A new study suggests that Ivermectin — an anti-parasitic drug — does not speed up recovery from mild COVID-19 symptoms.
- The drug has been previously prescribed to help treat symptoms, per The New York Times.
- “Ivermectin is typically used to treat parasitic worms in both people and animals, but the scientific evidence for its efficacy against the coronavirus is thin,” according to The New York Times.
- The study picked 400 people with mild COVID-19 symptoms to receive ivermectin or a placebo for five days.
- The COVID-19 symptoms lasted about 10 days on average among those who received the drug. Symptoms lasted about 12 days for those without the drug, according to the study.

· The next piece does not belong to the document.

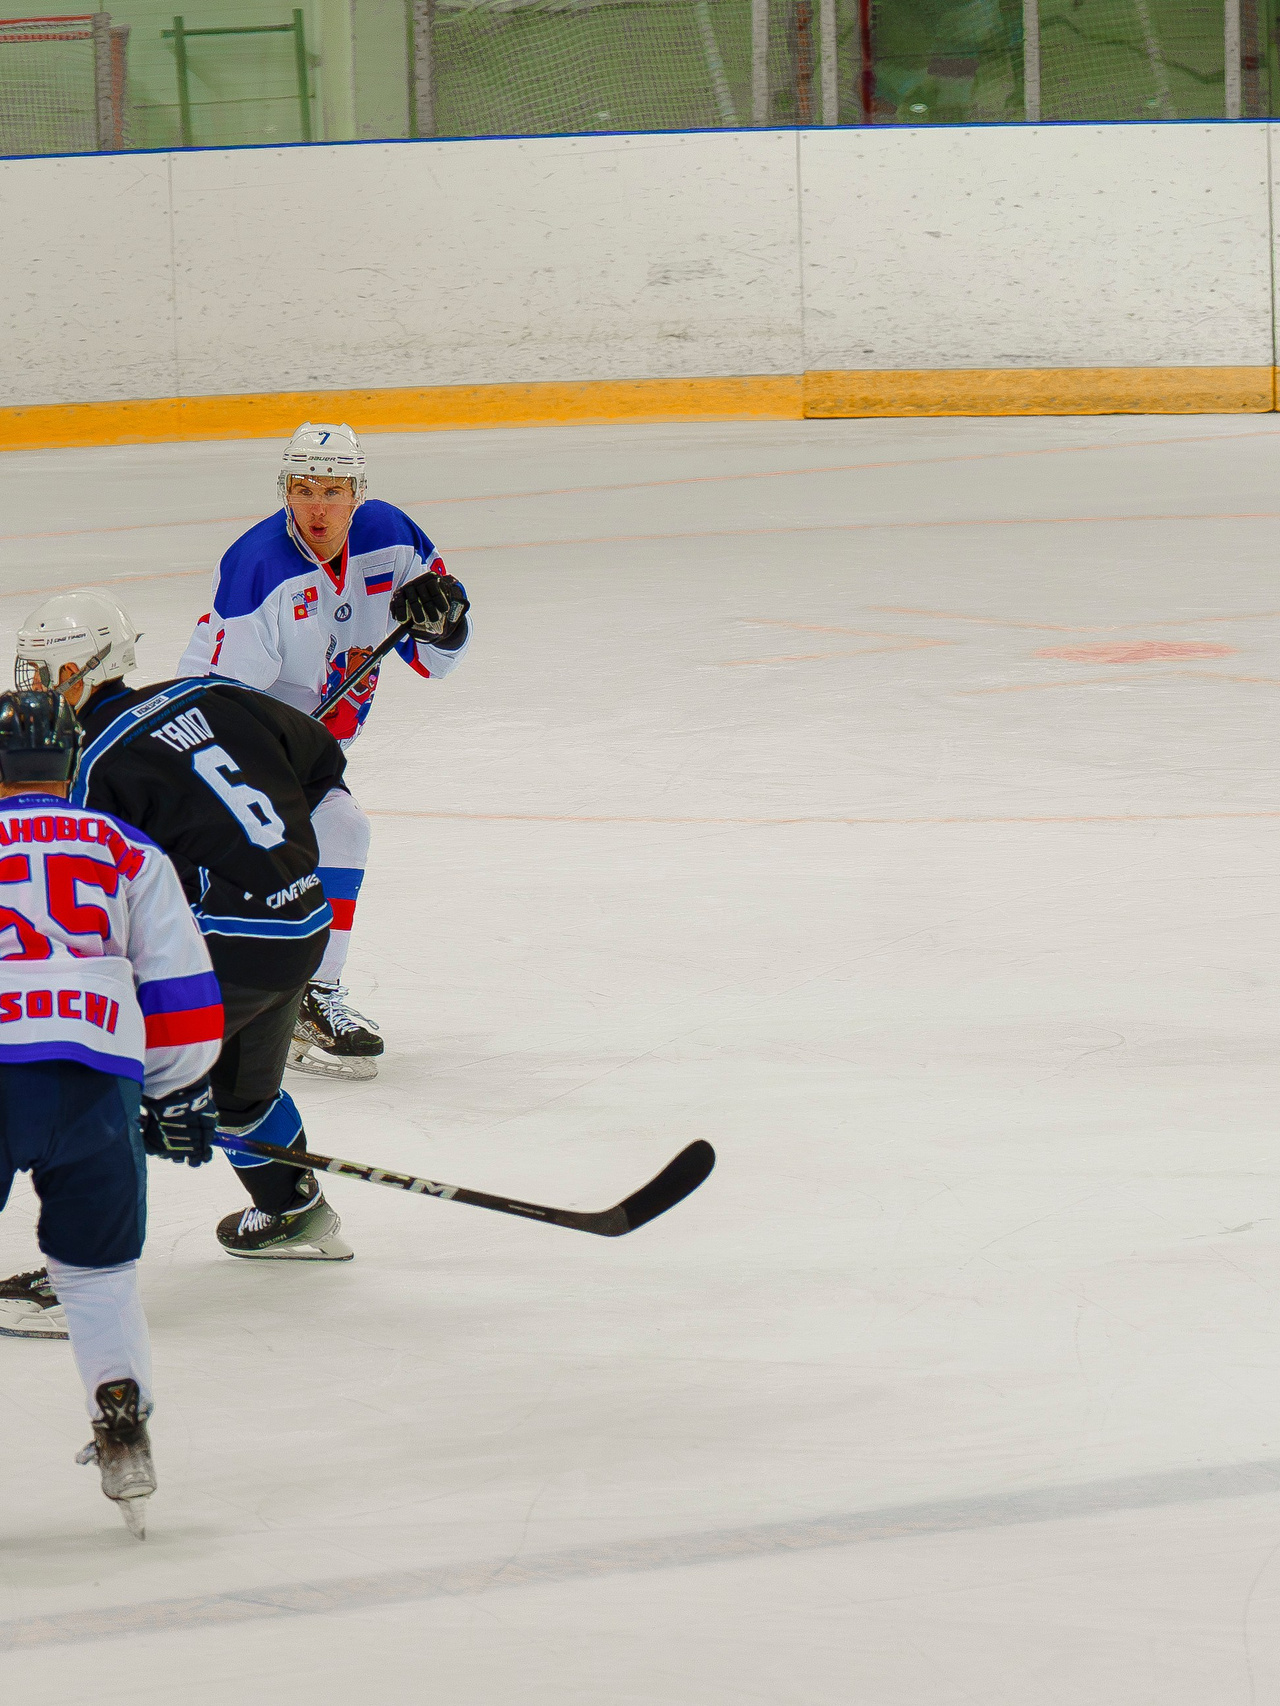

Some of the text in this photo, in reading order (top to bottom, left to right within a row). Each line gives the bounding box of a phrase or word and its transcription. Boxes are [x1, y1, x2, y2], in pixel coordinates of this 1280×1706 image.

[318, 431, 331, 446] 7
[191, 743, 288, 851] 6
[162, 1085, 213, 1118] CC
[326, 1157, 460, 1200] CCM

- So while technically it did lessen the time, the scientists said it wasn’t significant enough to mean anything major.
Why it matters
Evidence is thin about how well the drug works despite doctors recommending it to patients.
- “Ivermectin is currently being used widely,” Dr. Eduardo López-Medina, a doctor and researcher at the Center for Pediatric Infectious Diseases in Colombia, told The New York Times. “In many countries in the Americas and other parts of the world, it’s part of the national guidelines of treating COVID.”
More on Ivermectin
The Food and Drug Administration has approved ivermectin to treat tropical diseases, but it has not been approved for viral infections.
- The COVID-19 Treatment Guidelines Panel said it does not have enough information to recommend it, either: “Results from adequately powered, well-designed and well-conducted clinical trials are needed to provide more specific, evidence-based guidance on the role of ivermectin in the treatment of COVID-19.”